Pavlovian Fear Conditioning Is More than You Think It Is

Abstract

A common neuroscience application of Pavlovian fear conditioning is to manipulate neuron-type activity, pair a cue with foot shock, then measure cue-elicited freezing in a novel context. If the manipulation reduces freezing, the neuron type is implicated in Pavlovian fear conditioning. This application reduces Pavlovian fear conditioning to a single concept. In this Viewpoint, I describe experiments supporting the view that Pavlovian fear conditioning refers to three distinct concepts: procedure, process, and behavior. An experimenter controls procedure, observes behavior, but infers process. Distinguishing these concepts is essential because: (1) a shock-paired cue can engage numerous processes and behaviors; (2) experimenter decisions about procedure influence the processes engaged and behaviors elicited; and (3) many processes are latent, imbuing the cue with properties that only manifest outside of the original conditioning setting. This means we could understand the complete neural basis of freezing, yet know little about the neural basis of fear. Neuroscientists can choose to use a variety of procedures to study a diversity of processes and behaviors.
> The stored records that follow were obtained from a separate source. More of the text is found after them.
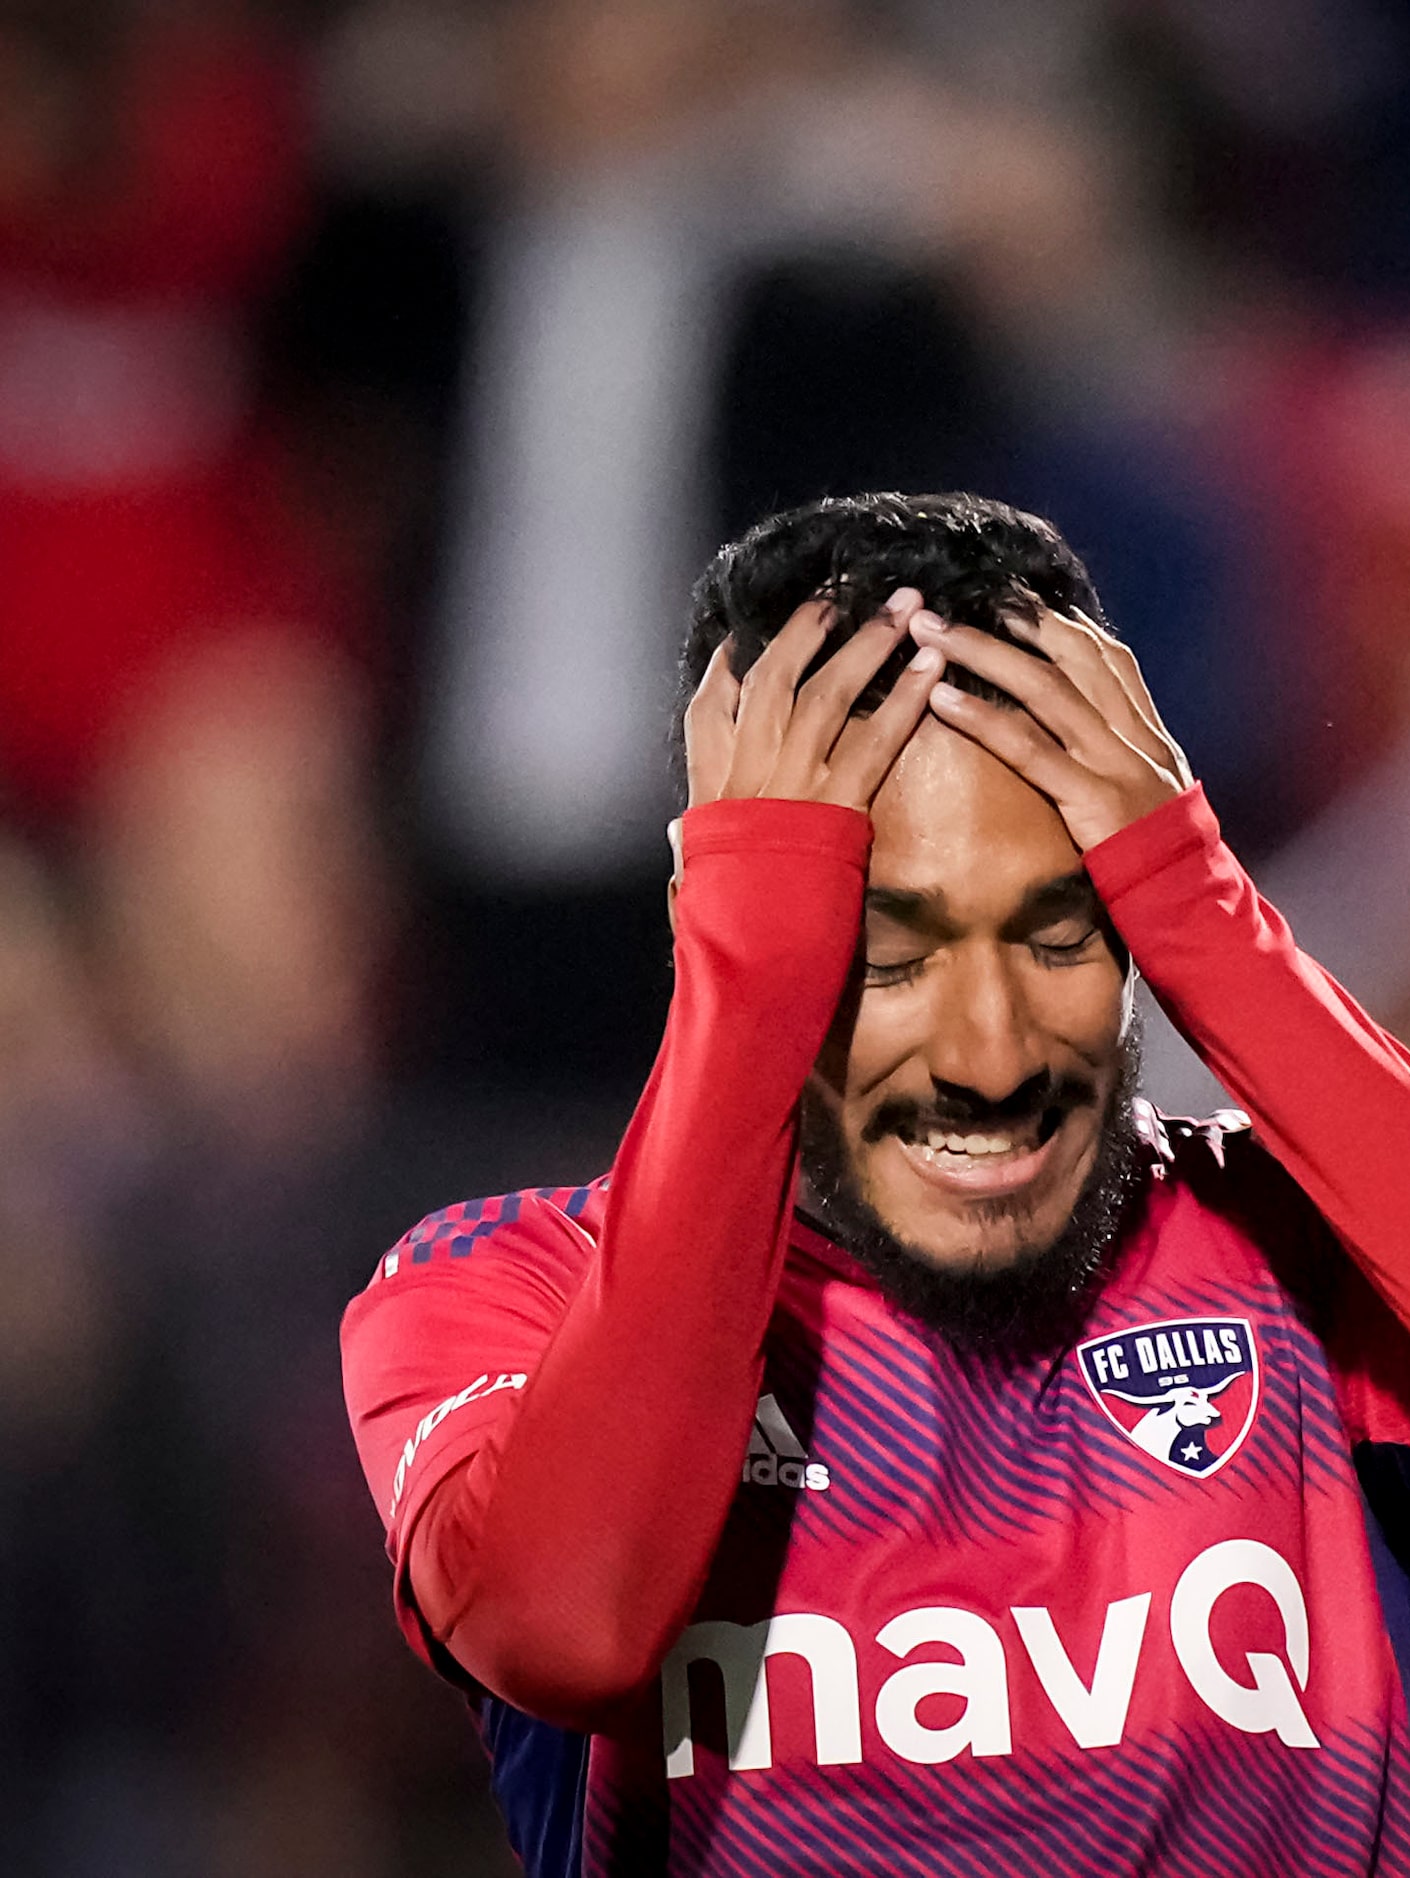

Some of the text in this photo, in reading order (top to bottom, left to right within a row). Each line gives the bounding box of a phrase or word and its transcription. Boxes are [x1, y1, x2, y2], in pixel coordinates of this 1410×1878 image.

[1092, 1328, 1243, 1384] FC DALLAS
[742, 1453, 831, 1491] idas
[661, 1538, 1321, 1779] mavQ
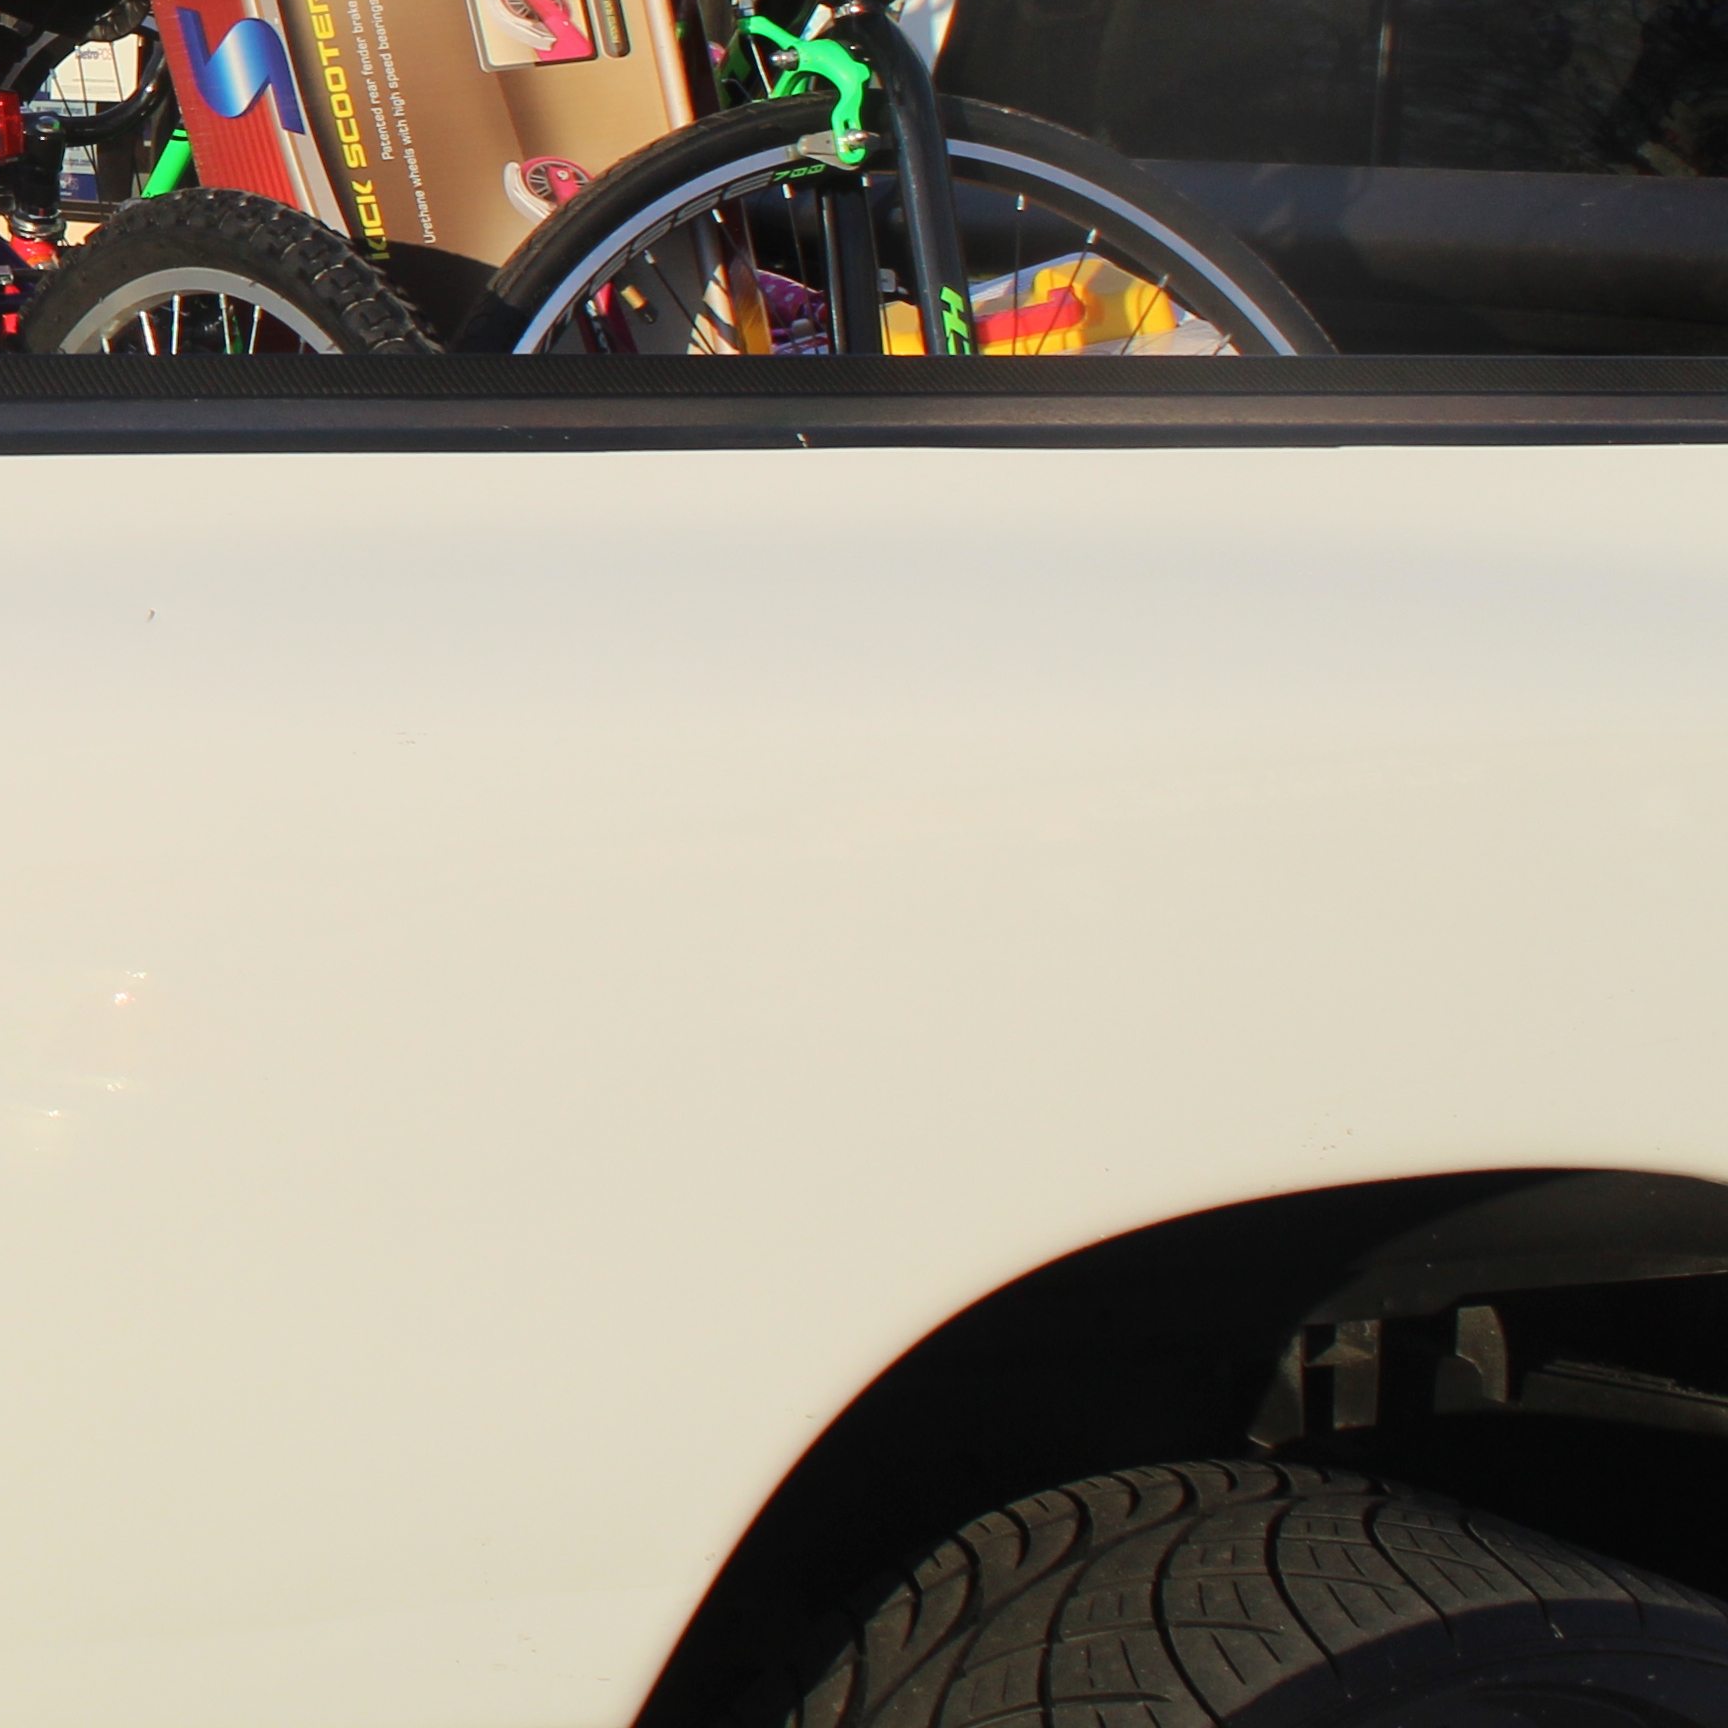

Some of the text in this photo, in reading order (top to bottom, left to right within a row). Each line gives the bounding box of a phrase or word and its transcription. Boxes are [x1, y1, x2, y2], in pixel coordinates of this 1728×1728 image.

[346, 0, 394, 161] Patented rear fender brake
[378, 53, 400, 90] speed
[389, 91, 406, 117] high
[395, 119, 414, 146] with
[403, 147, 424, 188] wheels
[351, 179, 391, 261] KICK
[414, 190, 437, 244] Urethane
Manipulating neuron-type activity in multiple procedures can reveal specific, general, or complex neuron-type contributions to cue-elicited processes and behaviors. The results will be a broader and more detailed neural basis of fear with greater relevance to the spectrum of symptoms defining anxiety and stressor-related disorders.

Figure 1.

Procedure, process, and behavior in Pavlovian fear conditioning. A, Schematic of Pavlovian fear conditioning in which a single procedure (gray) engages a single internal process (white), to elicit a single behavioral outcome (freezing, red). B, Schematic of Pavlovian fear conditioning in which different procedures (black vs gray), engage unique and overlapping processes (abstract patterns), to elicit (triangles) or inhibit (circles) a suite of behaviors (red represents freezing; cyan represents reward seeking; green represents running).

Figure 2.

PubMed search for behavioral outcomes in neuroscience-publishing journals in the last decade. A PubMed search was performed on July 14, 2023 for 13 behavioral outcomes (listed on x axis). The search terms were the behavioral outcome (any field) and fear (title/abstract). The search was restricted to the last 10 years and to 27 behavioral-neuroscience publishing journals: Behavioral Neuroscience, Behavioural Brain Research, Biological Psychiatry, Cell, Cell Reports, Communications Biology, Current Biology, eLife, eNeuro, European Journal of Neuroscience, Frontiers in Behavioral Neuroscience, Journal of Neuroscience, Learning & Memory, Molecular Psychiatry, Nature, Nature Communications, Nature Neuroscience, Neurobiology of Learning and Memory, Neuron, Neuropharmacology, Neuropsychopharmacology, Neuroscience, Physiology & Behavior, Psychopharmacology, Science, Science Advances, and Translational Psychiatry. The number of search results is reported for each behavioral outcome (y axis). The specific number of results is indicated for behavioral outcomes returning <100.

Figure 3.

Interpreting effects of neuron-type manipulation with procedure, process, and behavior. A, Equating procedure, process, and behavior can result in claims that Pavlovian fear conditioning failed to occur when a neuron-type manipulation abolishes a conditioned behavior (red represents freezing). B, Schematic of Pavlovian fear conditioning in which different procedures (black vs gray), engage unique and overlapping processes (abstract patterns), to elicit (triangles) or inhibit (circles) a suite of behaviors (red represents freezing; cyan represents reward seeking; green represents running) as well as latent processes manifesting outside of the original conditioning setting. A neuron-type manipulation that disrupts the process eliciting freezing may leave other processes and behavioral outcomes intact. C, Schematic same as in B. A neuron-type manipulation that disrupts the process eliciting running may leave other processes and behavioral outcomes intact.

Figure 4.

Using procedure to link processes and behaviors to neuron types. Hypothetical results of studies using 6 different Pavlovian fear conditioning procedures (rows 1-6) that assess 4 distinct behaviors (red represents freezing; cyan represents reward seeking; green represents running; purple represents rearing) and 2 latent processes (gray represents promote avoidance; black represents serve as punisher). The 10 columns (A-J) represent 10 distinct neuron types nested in distinct brain regions. Each of the 60 cells (6 rows × 10 columns) represents a single experiment in which neuron-type activity is inhibited during a specific procedure (e.g., in cell F6, neuron Type F is inhibited during a conditioned punishment procedure). Filled cells represent that inhibiting neuron-type activity disrupts behavior or process (e.g., inhibiting activity of neuron Types A, G, I, and J disrupt cued freezing). Pattern across procedures can reveal specific (A–F), general (G and H), or complex (I and J) neuron-type contributions to processes and behaviors.